Output every entry exactly as written, skipping any pictures.
■ ■ ■ ■ ■ ■ ■
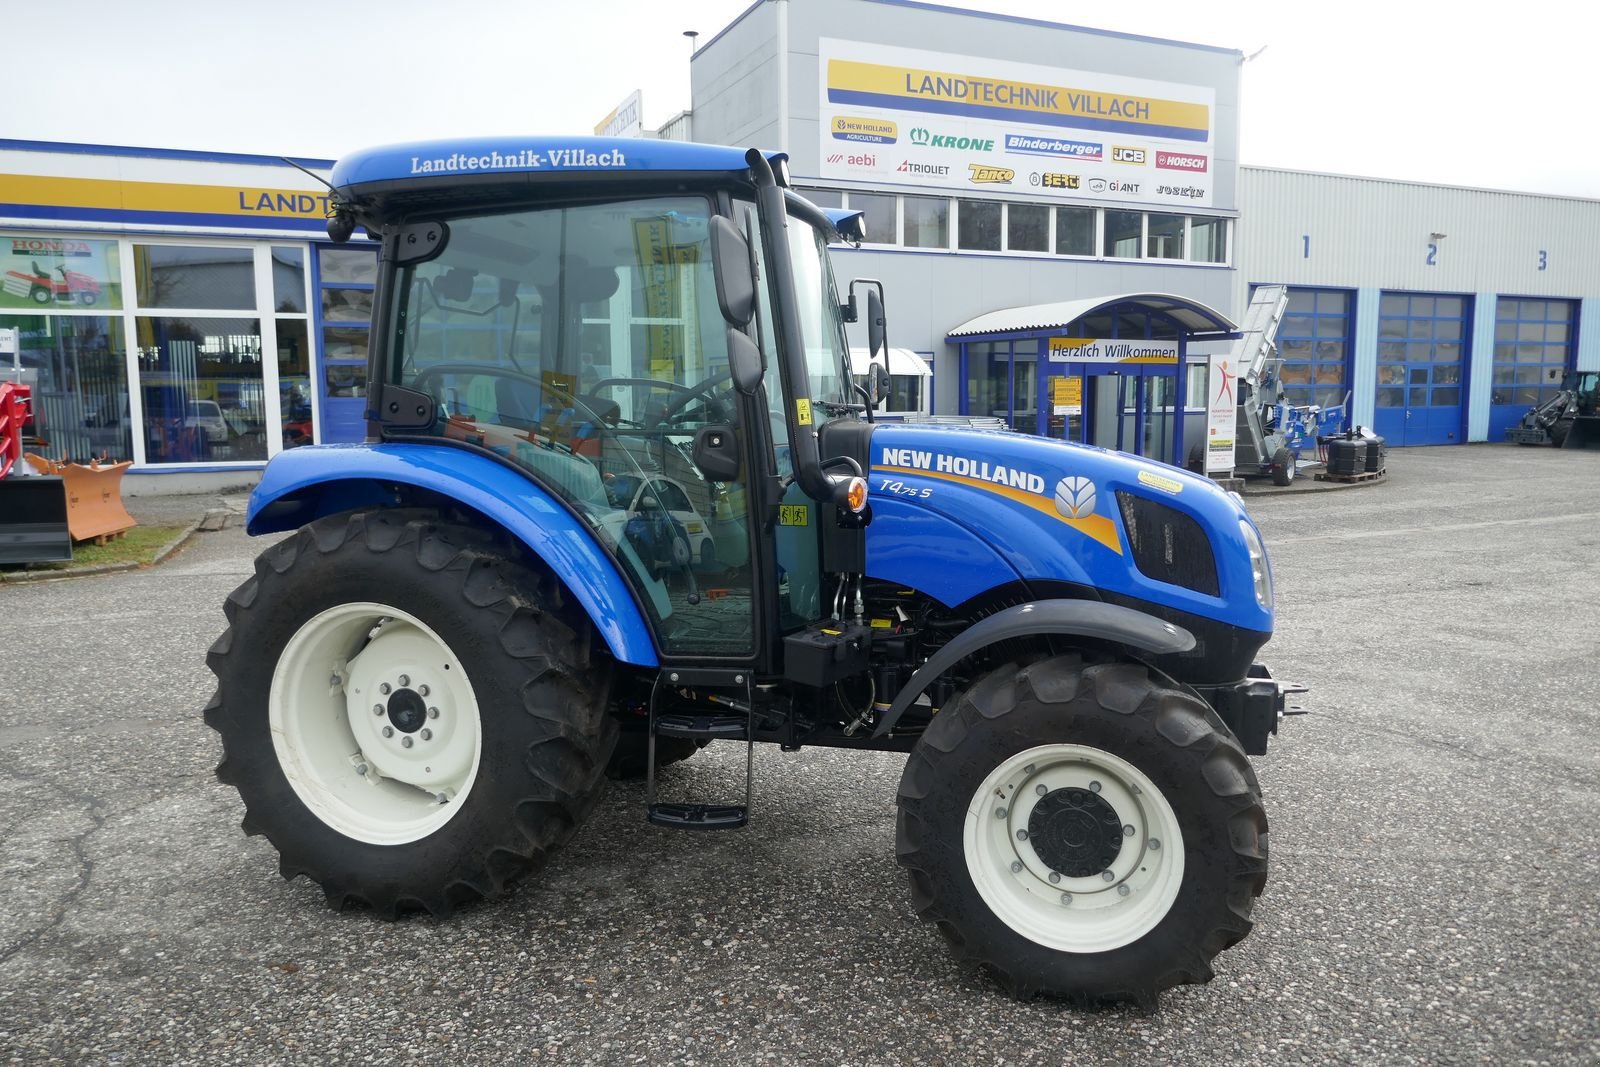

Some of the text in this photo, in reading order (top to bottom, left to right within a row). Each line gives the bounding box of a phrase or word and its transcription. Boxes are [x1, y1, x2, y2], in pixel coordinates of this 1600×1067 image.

[906, 73, 1150, 119] LANDTECHNIK VILLACH
[847, 123, 893, 133] NEW HOLLAND
[846, 133, 883, 143] AGRICULTURE
[931, 135, 995, 152] KRONE
[1007, 135, 1101, 157] Binderberger
[411, 149, 626, 174] Landtechnik-Villach
[847, 153, 876, 167] aebi
[1113, 148, 1146, 163] JCB
[1166, 156, 1205, 169] HORSCH
[908, 163, 950, 175] TRIOLIET
[968, 163, 1015, 183] Tanco
[12, 240, 92, 252] HONDA
[1302, 235, 1310, 259] 1
[1426, 243, 1438, 266] 2
[1538, 250, 1547, 271] 3
[1052, 344, 1176, 359] Herzlich Willkommen
[882, 448, 1045, 494] NEW HOLLAND
[919, 488, 934, 498] S
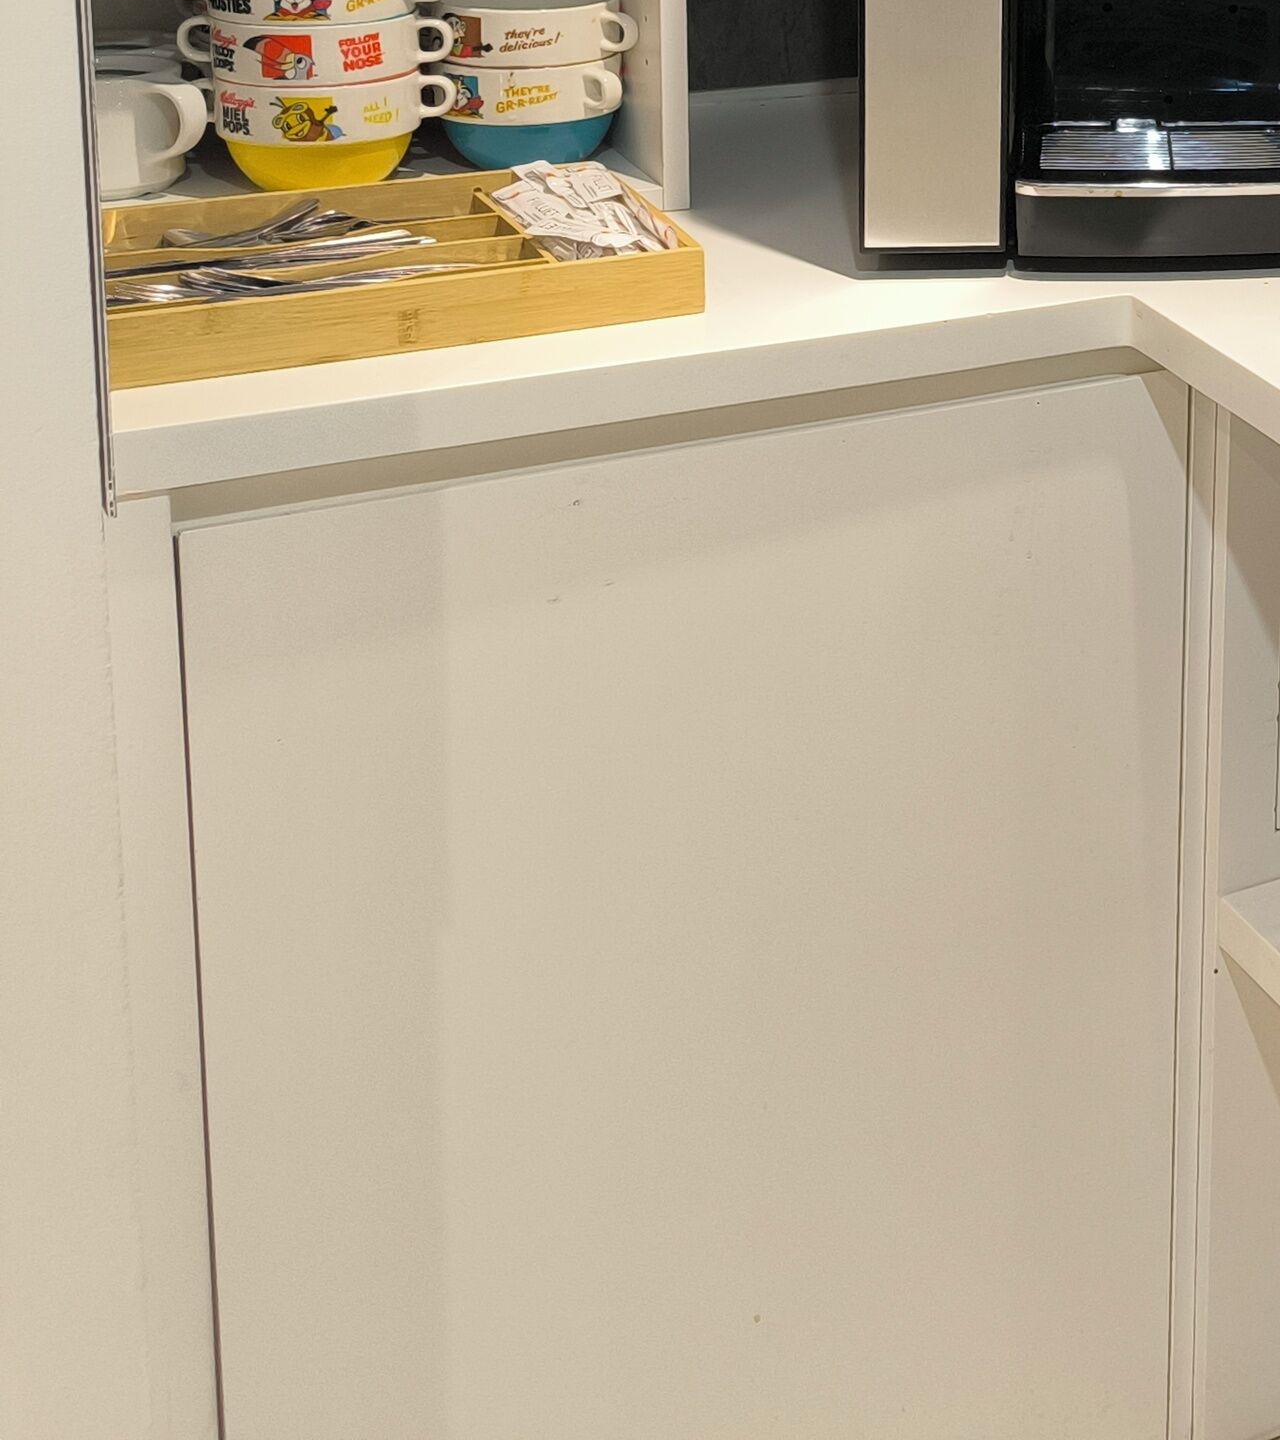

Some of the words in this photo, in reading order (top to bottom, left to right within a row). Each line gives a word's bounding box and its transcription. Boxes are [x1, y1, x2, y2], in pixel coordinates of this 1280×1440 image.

[338, 32, 380, 48] FOLLOW
[341, 42, 381, 60] YOUR
[343, 55, 384, 72] NOSE
[223, 106, 248, 123] MIEL
[223, 119, 251, 136] POPS
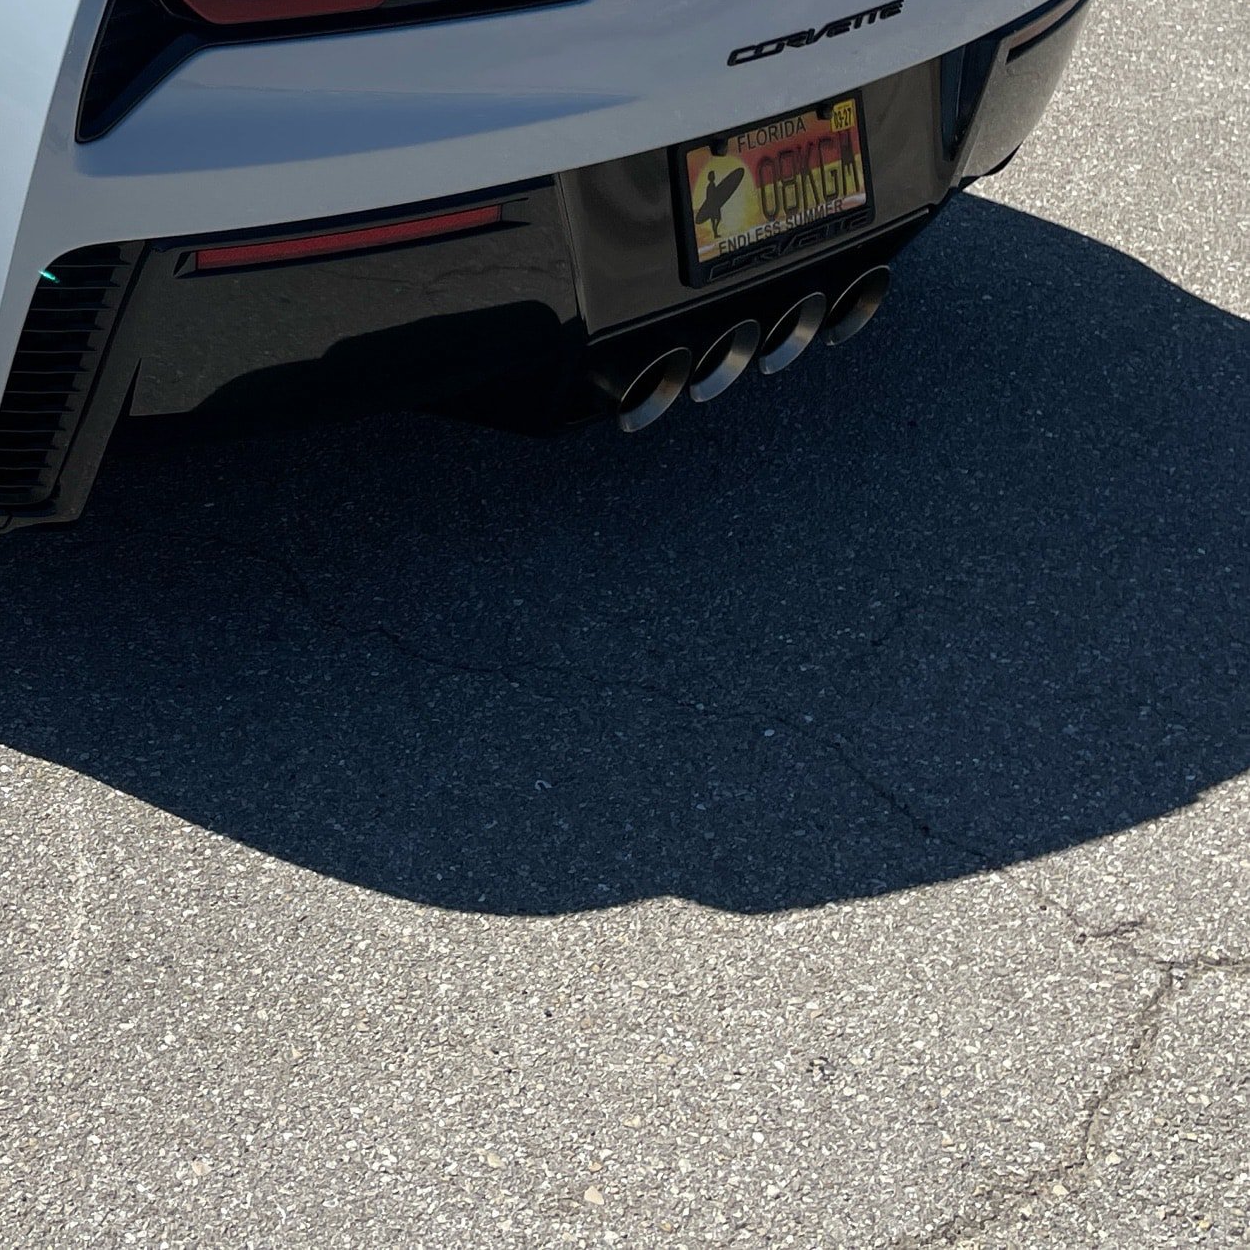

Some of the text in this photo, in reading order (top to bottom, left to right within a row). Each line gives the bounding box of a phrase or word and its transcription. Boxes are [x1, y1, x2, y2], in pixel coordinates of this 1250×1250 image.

[737, 116, 807, 153] FLORIDA
[718, 200, 844, 257] ENDLESS SUMMER
■ ■ ■ ■ ■ ■ ■
- _Answer space_:
Some of the text in this photo, in reading order (top to bottom, left to right within a row). Each line gives the bounding box of a phrase or word and its transcription. Boxes are [x1, y1, x2, y2], in pixel coordinates of this 1600×1067 image.

[906, 73, 1150, 119] LANDTECHNIK VILLACH
[847, 123, 893, 133] NEW HOLLAND
[846, 133, 883, 143] AGRICULTURE
[931, 135, 995, 152] KRONE
[1007, 135, 1101, 157] Binderberger
[411, 149, 626, 174] Landtechnik-Villach
[847, 153, 876, 167] aebi
[1113, 148, 1146, 163] JCB
[1166, 156, 1205, 169] HORSCH
[908, 163, 950, 175] TRIOLIET
[968, 163, 1015, 183] Tanco
[12, 240, 92, 252] HONDA
[1302, 235, 1310, 259] 1
[1426, 243, 1438, 266] 2
[1538, 250, 1547, 271] 3
[1052, 344, 1176, 359] Herzlich Willkommen
[882, 448, 1045, 494] NEW HOLLAND
[919, 488, 934, 498] S

Some of the words in this photo, in reading order (top to bottom, left to right within a row). Each line gives a word's bounding box and its transcription. Boxes are [x1, y1, x2, y2], in pixel coordinates of this 1280×1440 image.

[338, 32, 380, 48] FOLLOW
[341, 42, 381, 60] YOUR
[343, 55, 384, 72] NOSE
[223, 106, 248, 123] MIEL
[223, 119, 251, 136] POPS

Some of the text in this photo, in reading order (top to bottom, left to right within a row). Each line gives the bounding box of a phrase or word and its transcription. Boxes are [x1, y1, x2, y2], in pixel coordinates of this 1250×1250 image.

[737, 116, 807, 153] FLORIDA
[718, 200, 844, 257] ENDLESS SUMMER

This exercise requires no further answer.